What Did the Early Church Look Like?
“From there we traveled to Philippi, a Roman colony and the leading city of that district of Macedonia. And we stayed there several days. On the Sabbath we went outside the city gate to the river, where we expected to find a place of prayer. We sat down and began to speak to the women who had gathered there.” (Acts 16:12-13)
Have you ever wondered what the Early Church looked like? What kind of people made up those Christian communities? What kind of work did they do? Luke gives us a beautiful snapshot of a few of the people that made up the church at Philippi, located in modern day Greece.
The first convert was a businesswoman named Lydia. She sold purple cloth and was evidently very successful. She was able to host Paul and his team at her house and her home became the first meeting place for the Philippian Church. Luke lets us know that she, “and the members of her household were baptized.”
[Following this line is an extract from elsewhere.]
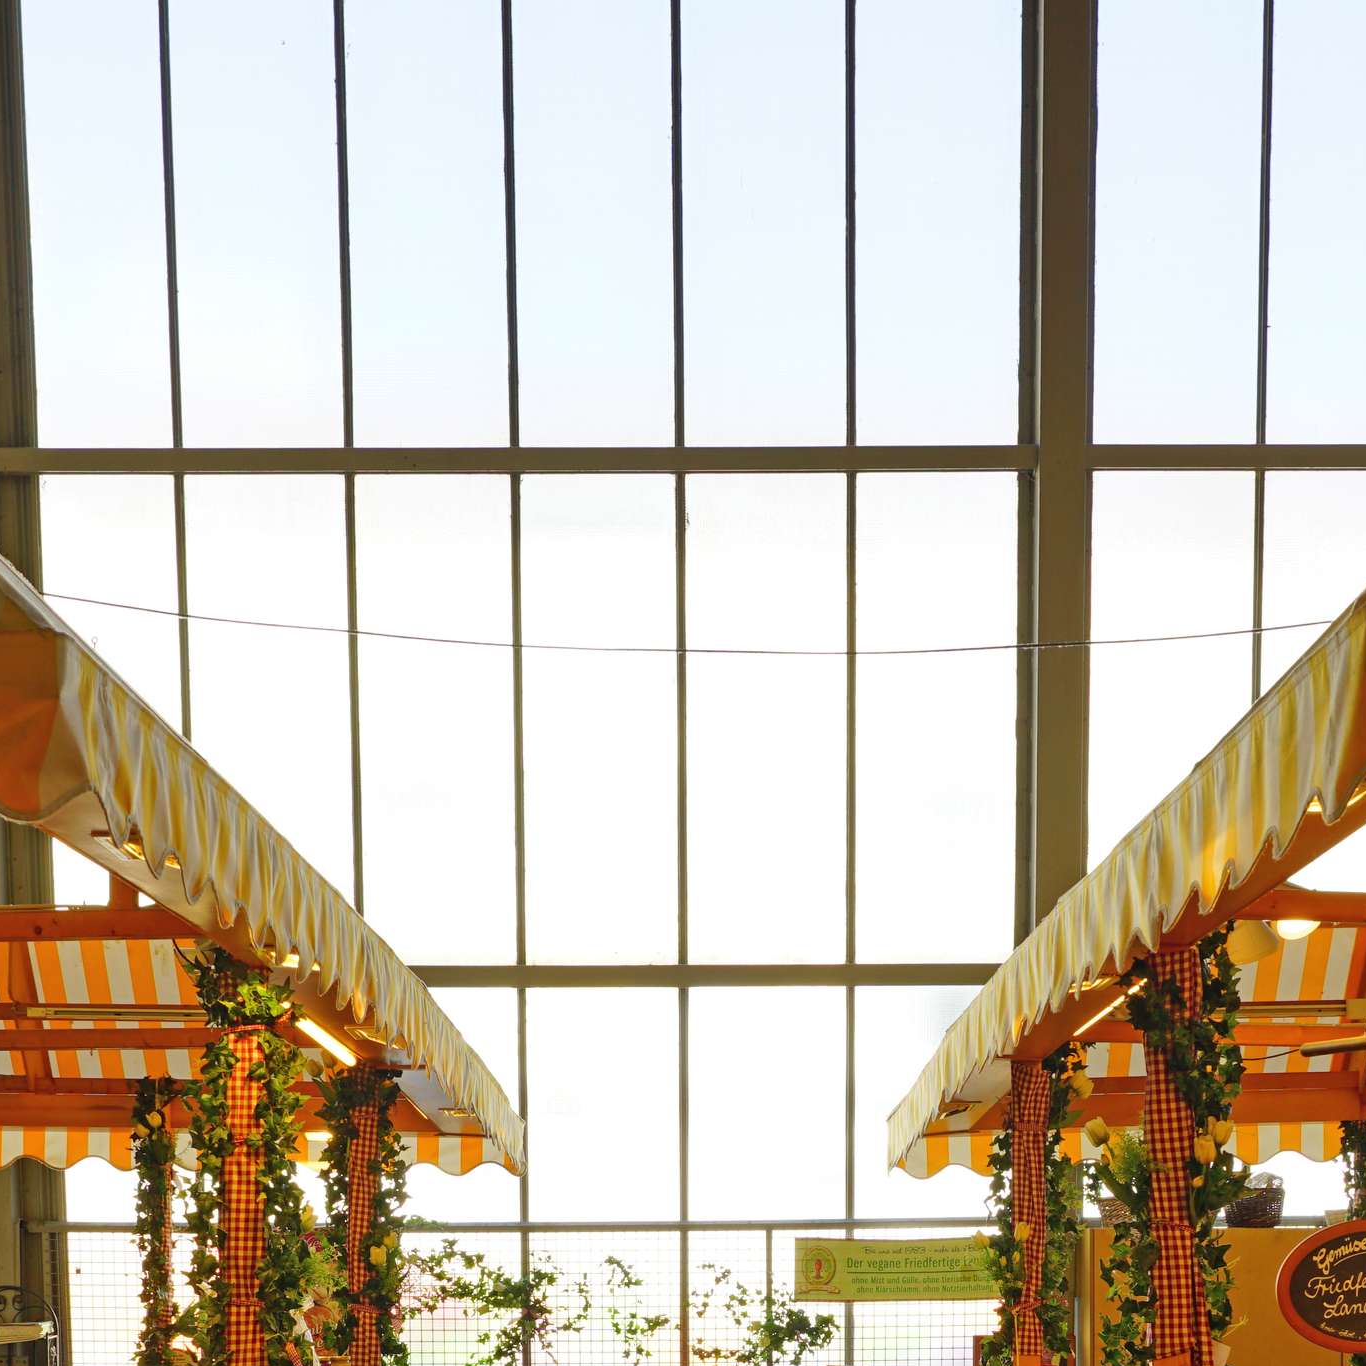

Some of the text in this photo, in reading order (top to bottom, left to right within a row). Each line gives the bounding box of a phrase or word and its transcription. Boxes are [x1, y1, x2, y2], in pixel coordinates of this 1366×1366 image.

[847, 1257, 960, 1272] Der vegane Friedfertige
Isn’t it interesting that the first convert to Christianity in Europe was a woman? And not only that, she was a successful businesswoman. In allowing her house to be used as a meeting place for the church, she would have had some type of leadership role as well.
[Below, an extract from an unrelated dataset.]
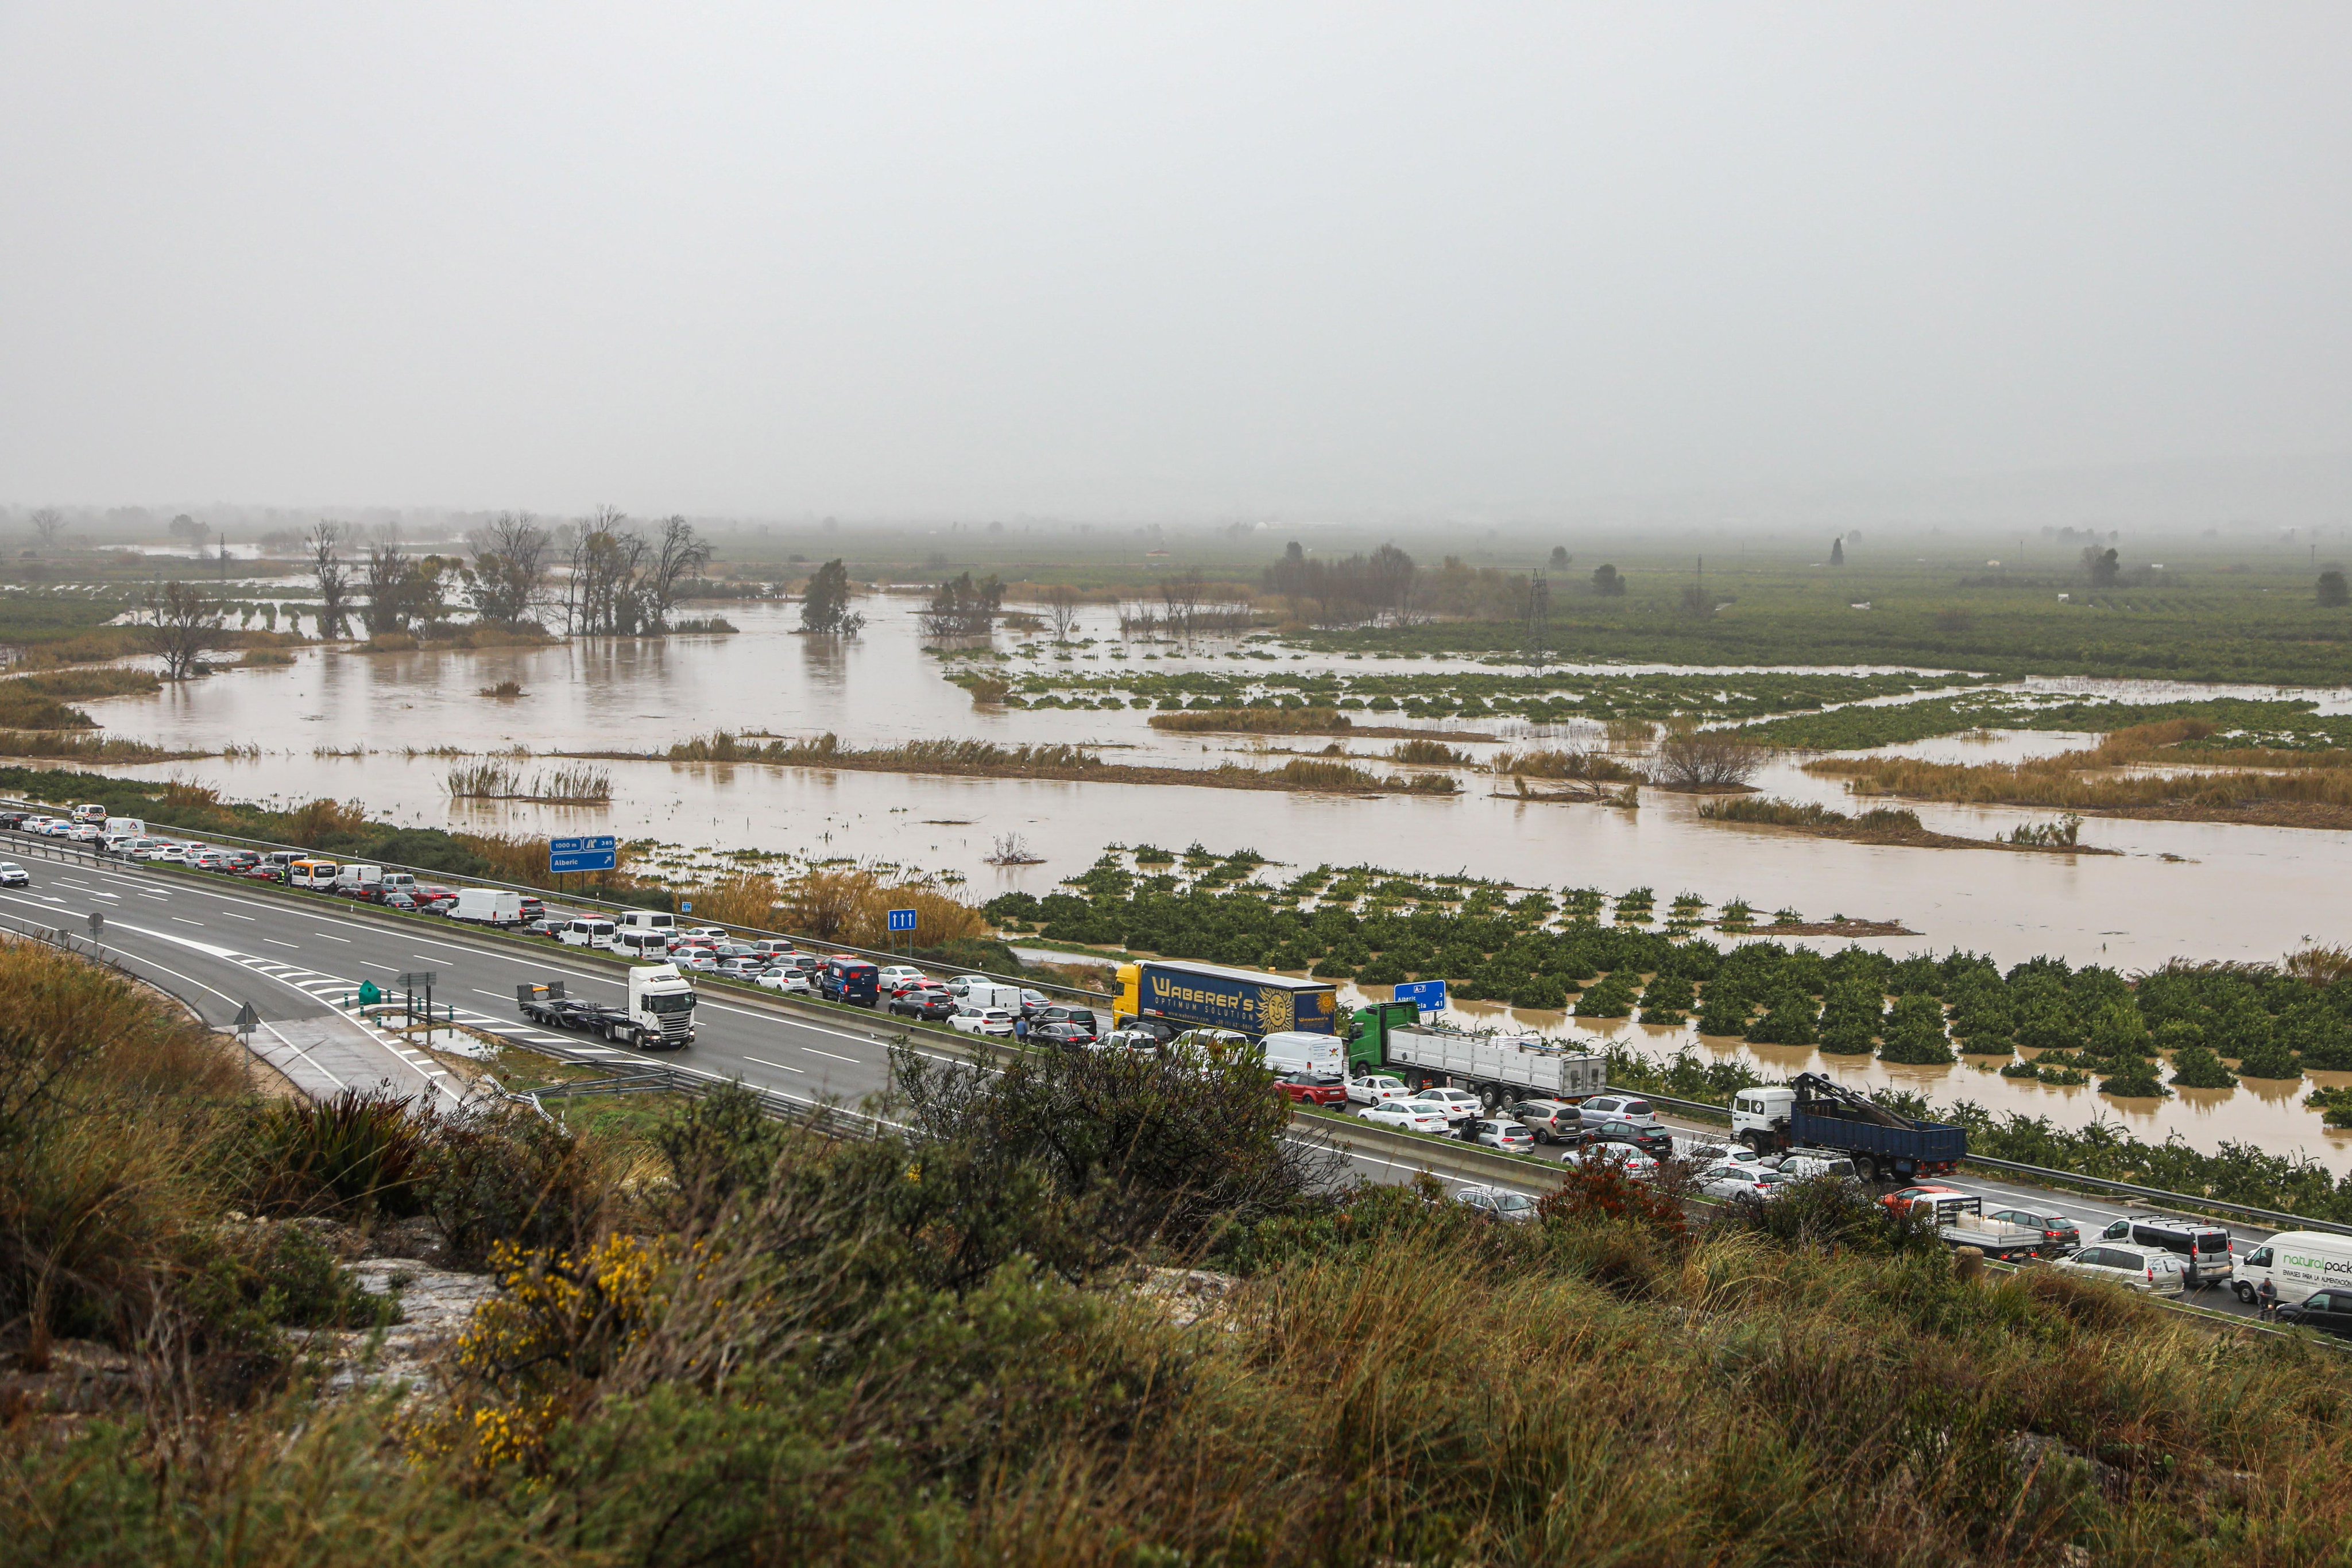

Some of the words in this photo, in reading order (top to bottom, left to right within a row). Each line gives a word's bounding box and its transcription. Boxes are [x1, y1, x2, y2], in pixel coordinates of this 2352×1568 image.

[1155, 997, 1197, 1011] OPTIMUM
[1205, 1006, 1253, 1021] SOLUTION
[2283, 1269, 2301, 1278] ENVASES
[2321, 1276, 2352, 1286] ALIMENTACIÓN
The next convert that Luke mentions was a slave girl. She was possessed by an evil spirit that allowed her to tell people’s fortunes. Luke tells us that she made her owners, “a great deal of money.”
When Paul set her free from the evil spirit, this set off a riot in which Paul and Silas were beaten and thrown into jail. The slave girl is not mentioned again in Acts. It is very likely, however, that the Philippian Christians purchased her freedom. We don’t know this for sure but Luke’s placement of her story in Acts seems to indicate that she became a part of the church in Philippi.
This slave-girl stands in stark contrast with Lydia. And yet, they both saw their need for Christ and had their lives transformed. One of the most amazing things about the Church is how the Holy Spirit creates unity among people of very diverse backgrounds.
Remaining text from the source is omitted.